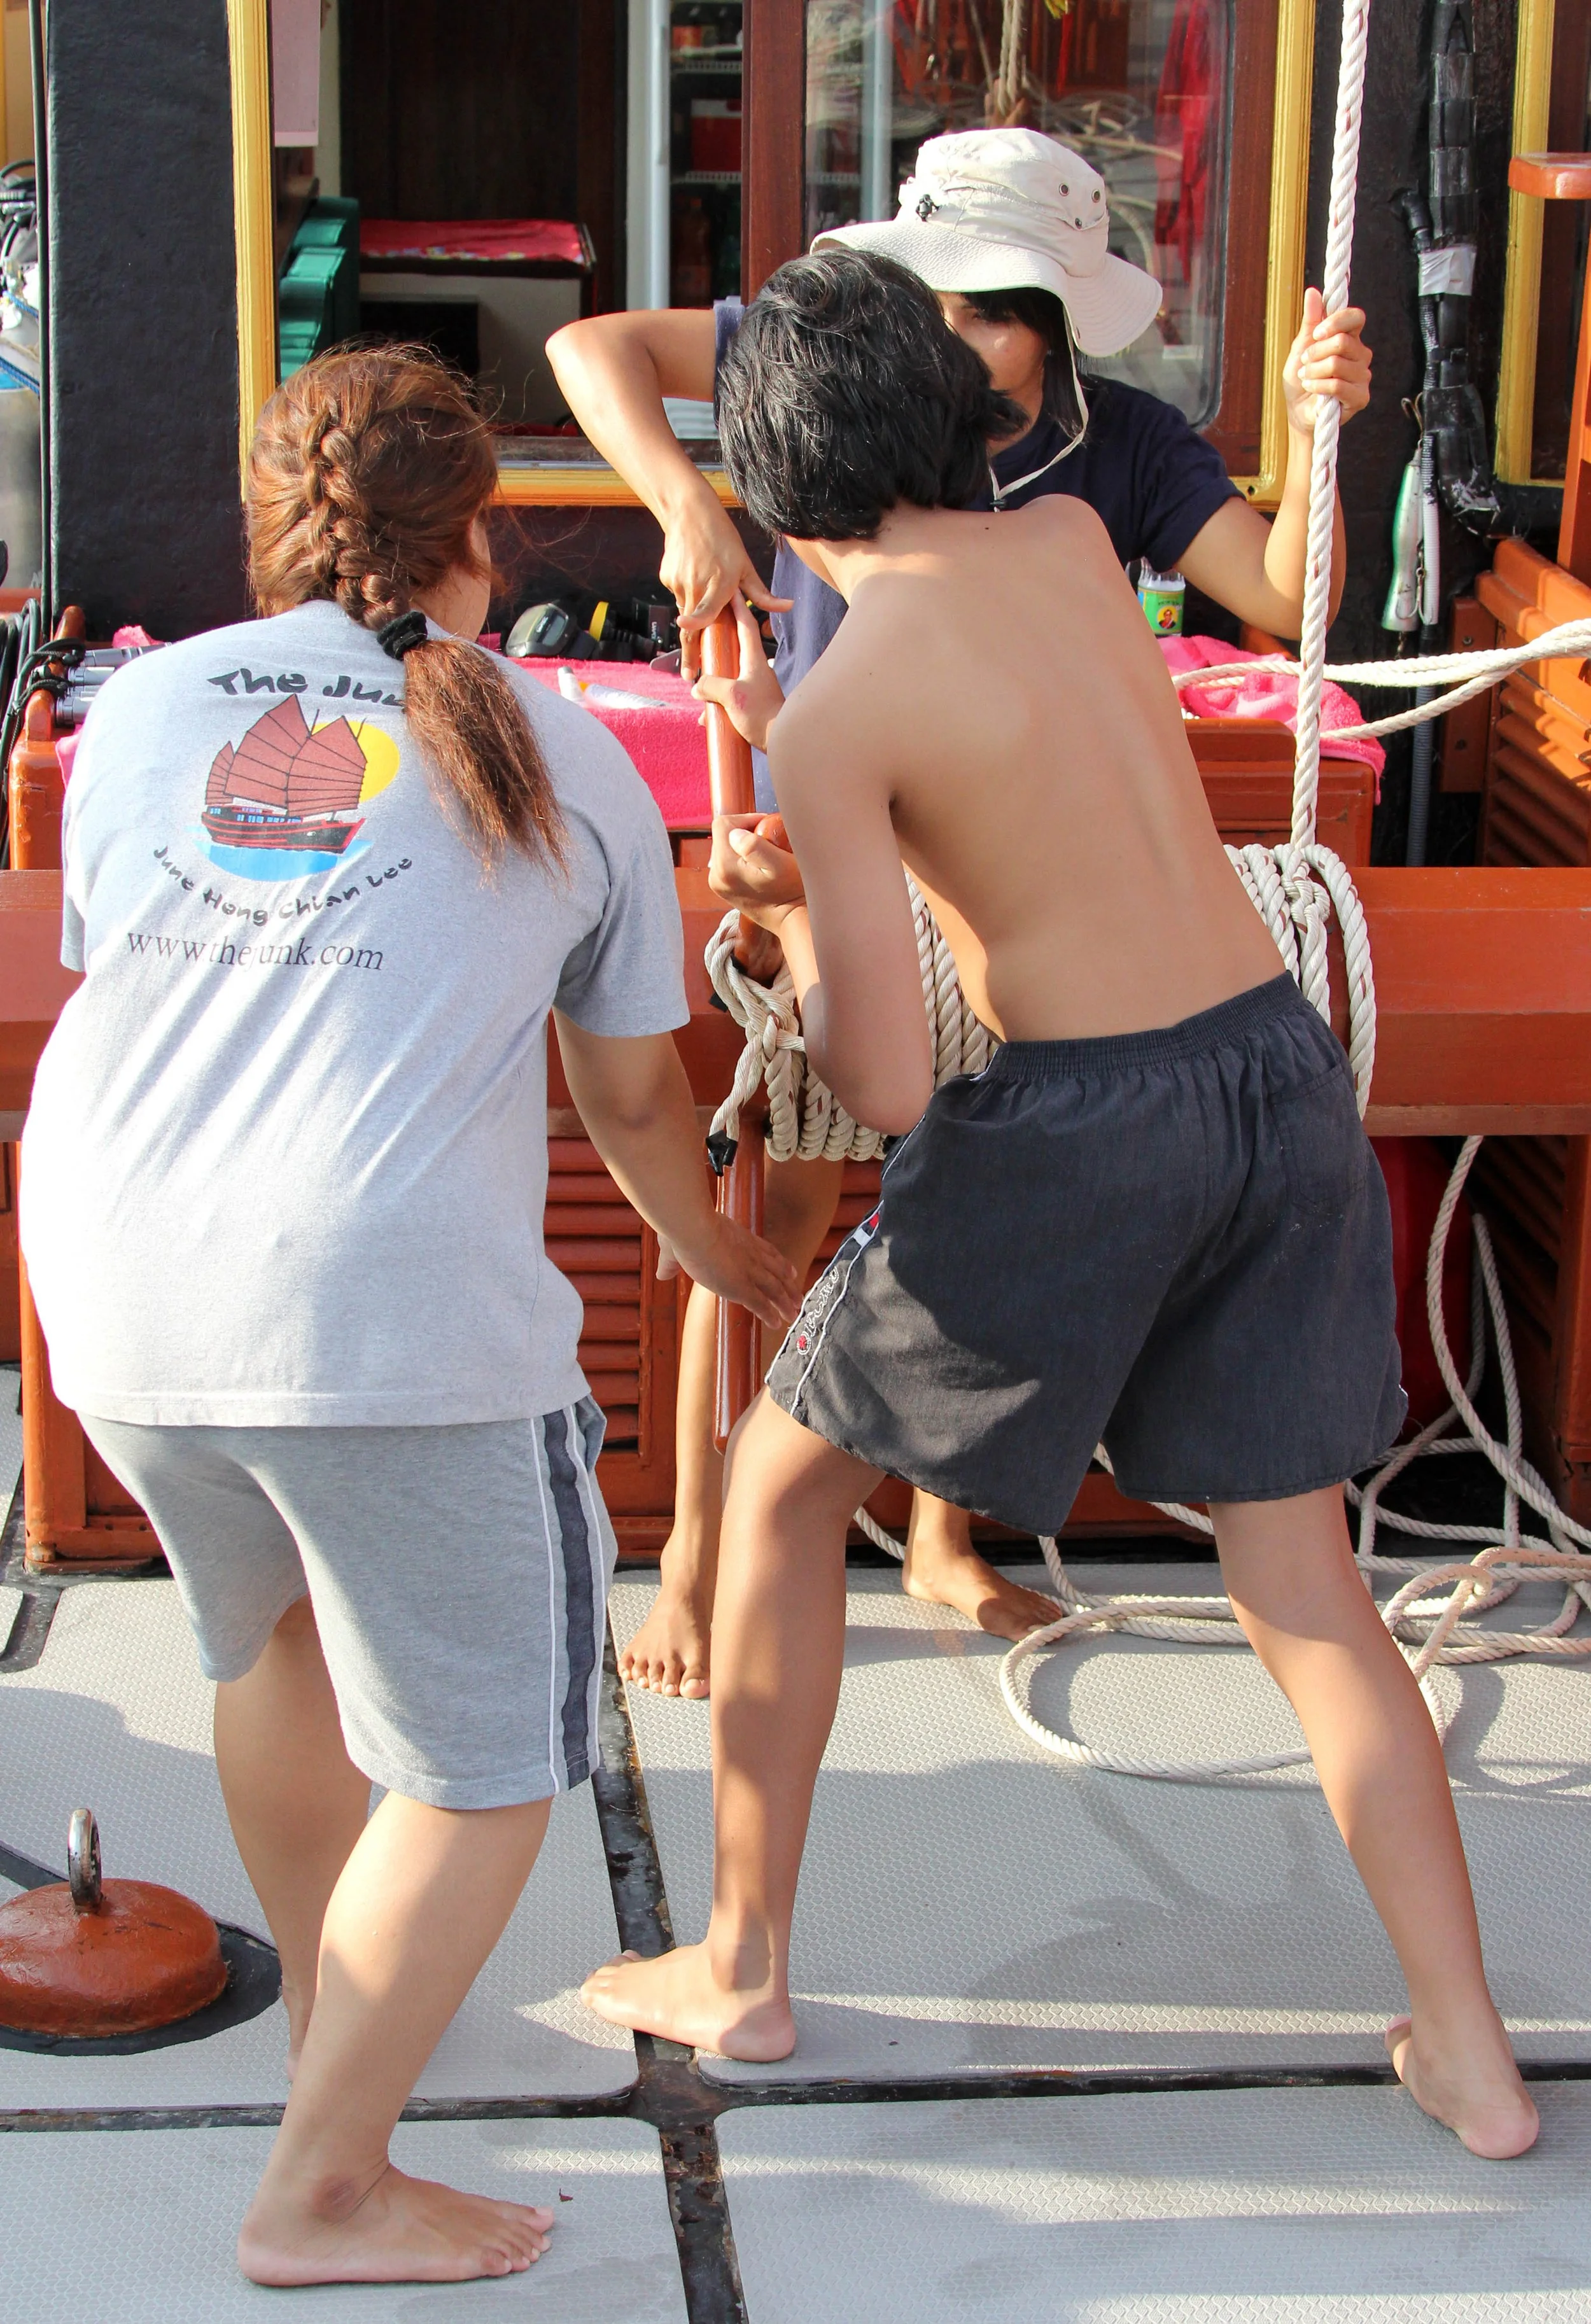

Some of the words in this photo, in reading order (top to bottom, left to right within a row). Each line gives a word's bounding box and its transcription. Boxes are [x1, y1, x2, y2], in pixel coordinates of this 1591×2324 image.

[207, 668, 309, 696] The
[322, 675, 407, 714] Jun
[153, 845, 195, 891] June
[202, 888, 268, 927] Hong
[278, 886, 360, 919] Chian
[366, 858, 412, 887] Lee

☆ ☆ ☆ ☆ ☆

In the printed copy, the material above must appear unchanged and without its pictures.

Some of the words in this photo, in reading order (top to bottom, left to right within a row). Each line gives a word's bounding box and its transcription. Boxes are [x1, y1, x2, y2], in pixel coordinates of this 1591×2324 image.

[207, 668, 309, 696] The
[322, 675, 407, 714] Jun
[153, 845, 195, 891] June
[202, 888, 268, 927] Hong
[278, 886, 360, 919] Chian
[366, 858, 412, 887] Lee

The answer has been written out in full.